RPB Wishes You a Safe and Happy Holiday Season

The winter holidays are upon us and the last thing anyone wants is for this season of joy to turn tragic. Please keep your loved ones and valuables secure with the following tips:

  • Choose decorations that are flame-resistant or flame-retardant, and keep decorations away from heat sources.
  • Do not overload circuits with festive lights. Follow manufacturer instructions on the boxes they come in.
  • Make sure Christmas trees are at least three feet away from any fireplace, radiator, candle, heat vents or lights (except cool lights that are part of the tree decorations). This goes double and triple for live trees.
  • Carbon monoxide accidents increase in winter. Be sure you have CO detectors in the home and check them regularly to make sure they are working. Change batteries at least once a year, or right now if you can’t remember when you last did so.
  • Thieves love the holidays with all those expensive gifts they can see through a window under your tree. Make your house look as if someone is always home. Keep lights on both inside and outside even while away. Leave on radios or TVs.
  • Pickpockets and thieves are most active during the holiday season. Don’t overburden yourself with so many packages or bags that your purse or wallet becomes an easy mark.
  • Don’t place purchases inside a vehicle for all to see. Put them in a trunk or otherwise out of sight. And, of course, make sure all doors are locked.
  • Most importantly, have a safe and happy ending to the year and we hope to see you next year.

The Silent Killer

“Family of 10 Killed by CO Poisoning”
“Broken Furnace Sends Family to Hospital”
“Crack in Heater Blamed for CO Deaths”

Newspaper headlines like these pop up across the country, especially in winter. Estimates vary from hundreds to thousands of people killed by carbon monoxide (CO) poisoning each year.
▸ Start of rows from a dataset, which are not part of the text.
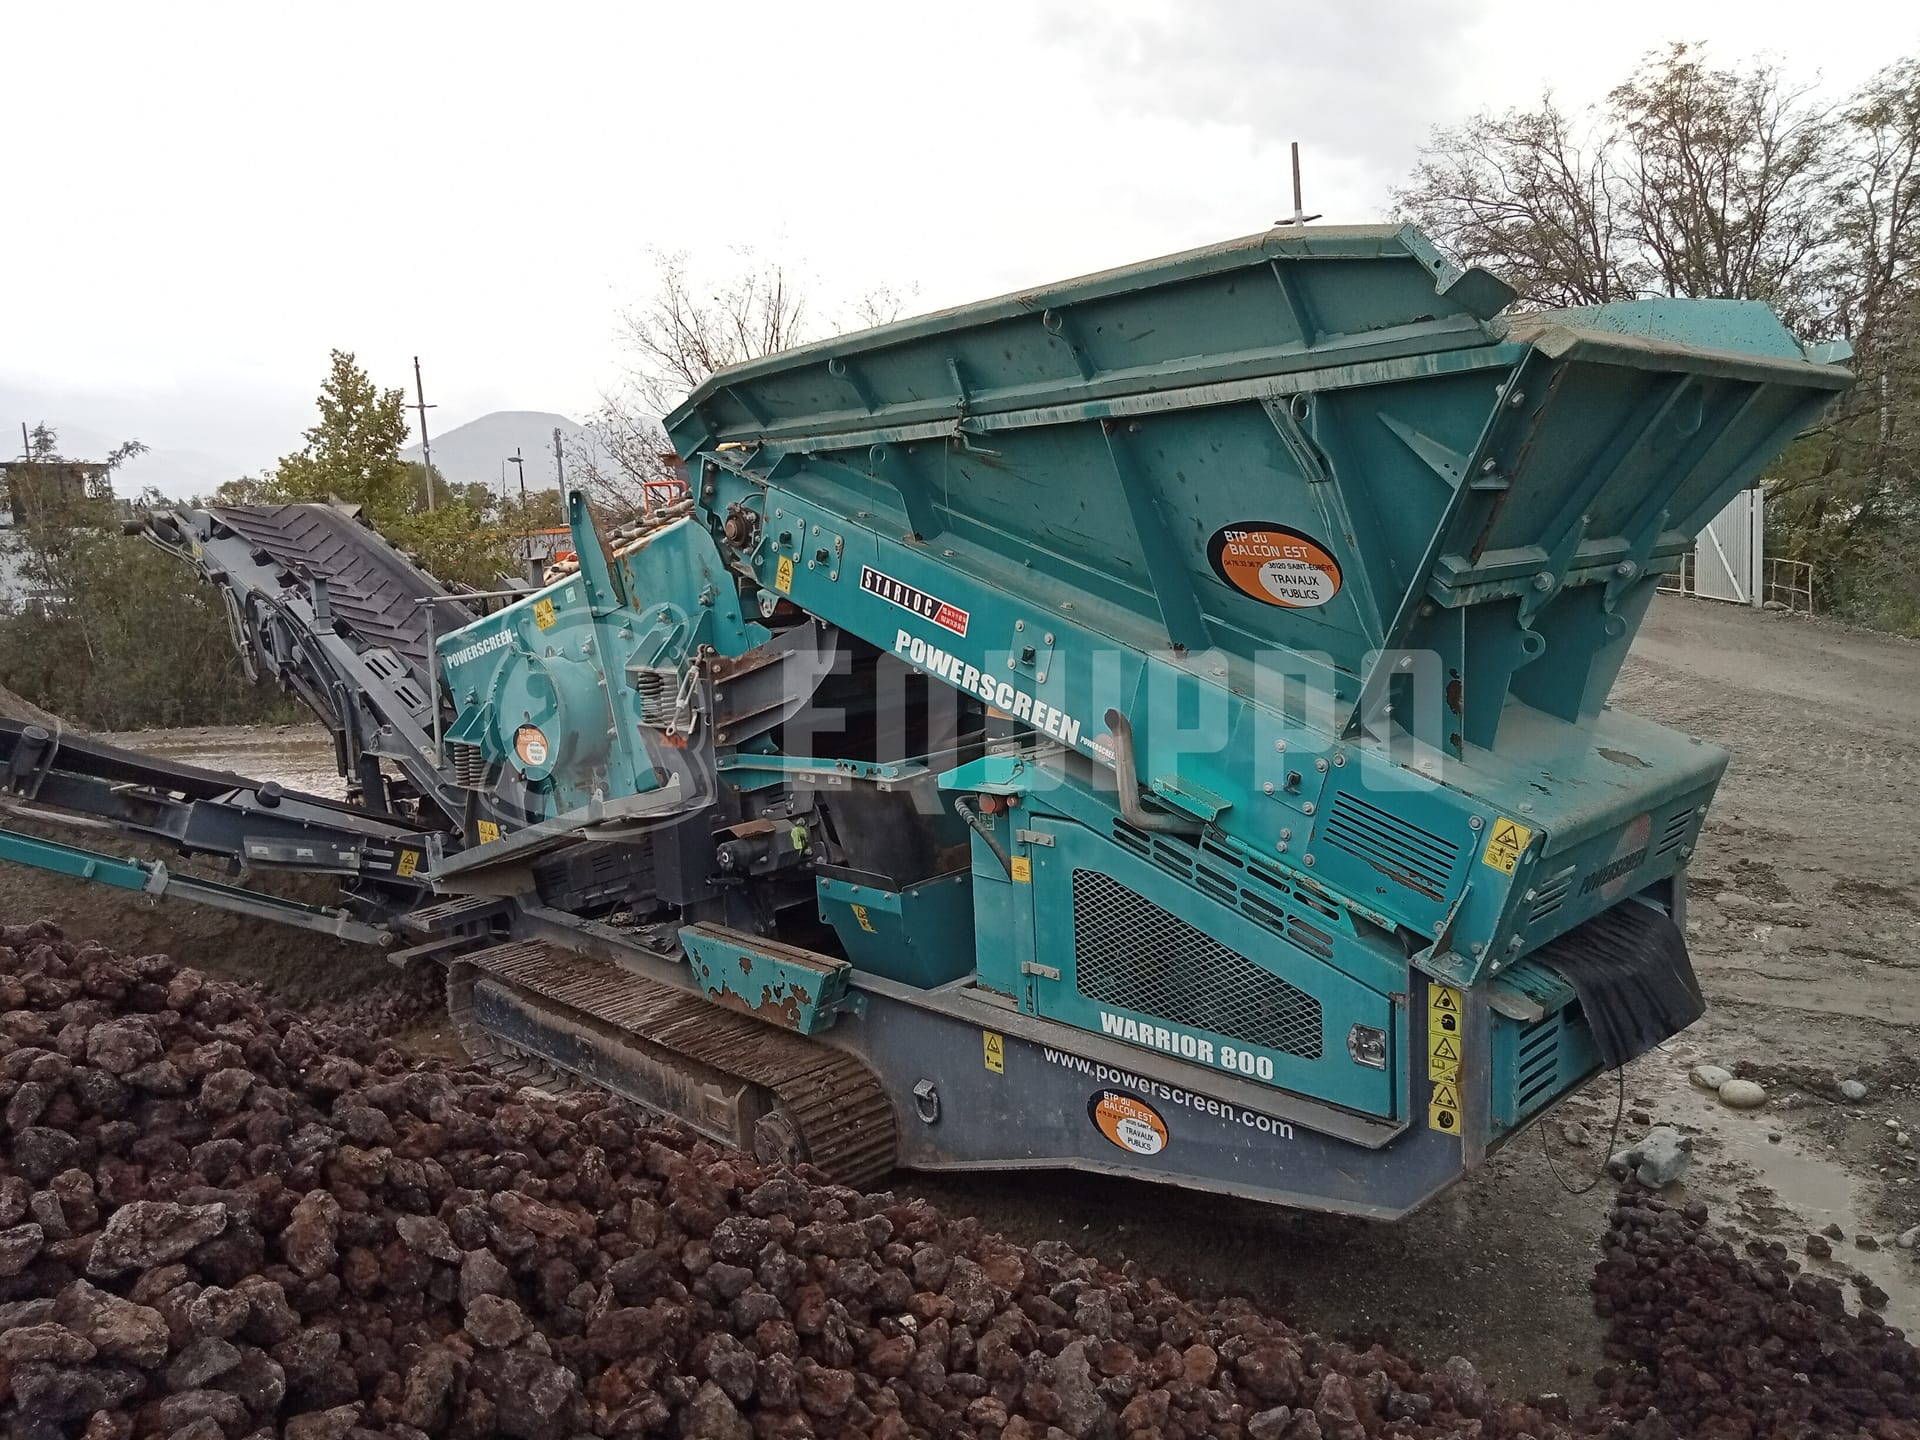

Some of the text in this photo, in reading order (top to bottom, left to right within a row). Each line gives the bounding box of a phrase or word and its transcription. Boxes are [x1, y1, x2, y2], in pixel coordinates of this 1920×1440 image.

[1224, 530, 1268, 543] BTP du
[1229, 543, 1308, 558] BALCON EST
[1271, 574, 1320, 586] TRAVAUX
[864, 570, 933, 617] STARLOC
[1280, 588, 1320, 600] PUBLICS
[446, 628, 513, 670] POWERSCREEN
[895, 628, 1081, 745] POWERSCREEN
[1080, 736, 1116, 760] POWERSCREE
[1100, 1011, 1274, 1081] WARRIOR 800
[1044, 1047, 1294, 1140] www.powerscreen.com
[1103, 1091, 1119, 1101] BTP
[1104, 1100, 1136, 1117] BALCON
[1138, 1111, 1153, 1123] EST
[1125, 1126, 1154, 1142] TRAVAUX
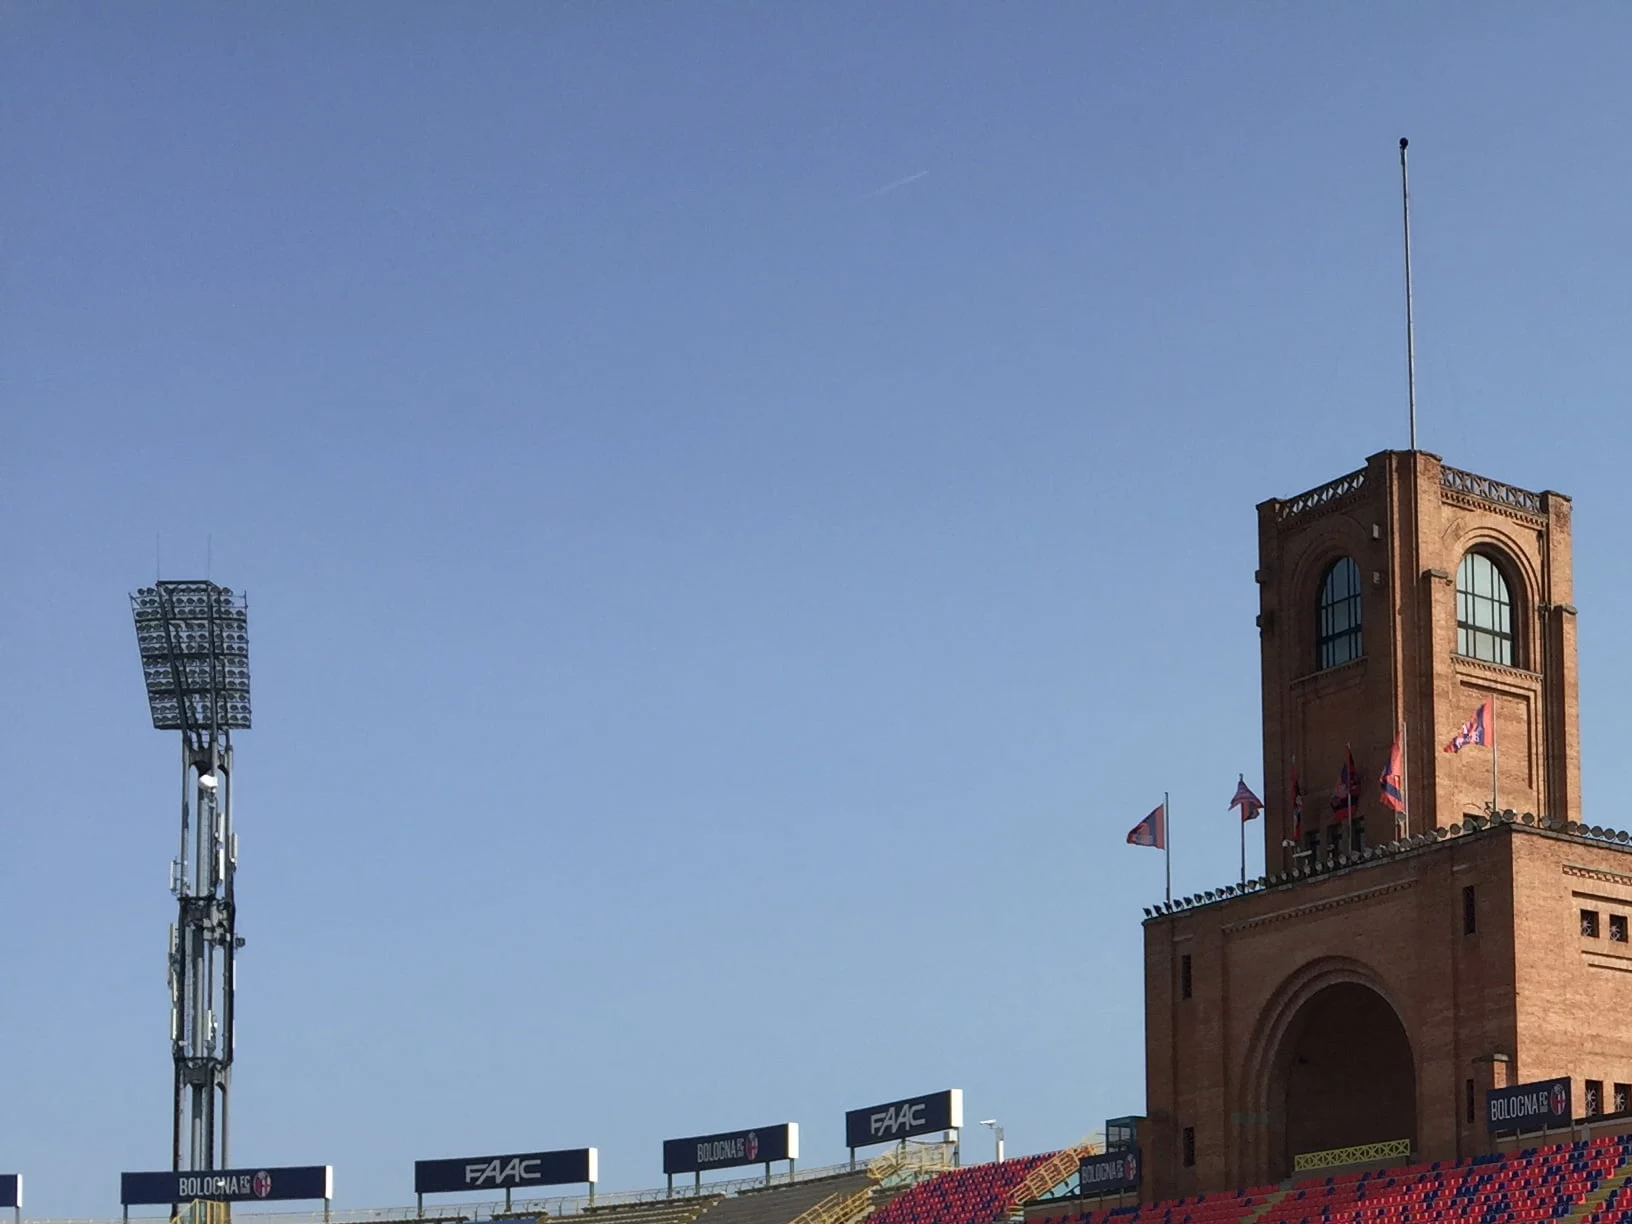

Exact figures are debatable because CO is tasteless, colorless and odorless — undetectable except by sophisticated devices. Also, the symptoms of CO poisoning — fatigue, headaches, dizzy spells and nausea — resemble those of flu and many other common illnesses.  So CO poisoning is easily misdiagnosed, and people can succumb to it without physical discomfort, almost like falling asleep. That is why CO is called the “silent killer.”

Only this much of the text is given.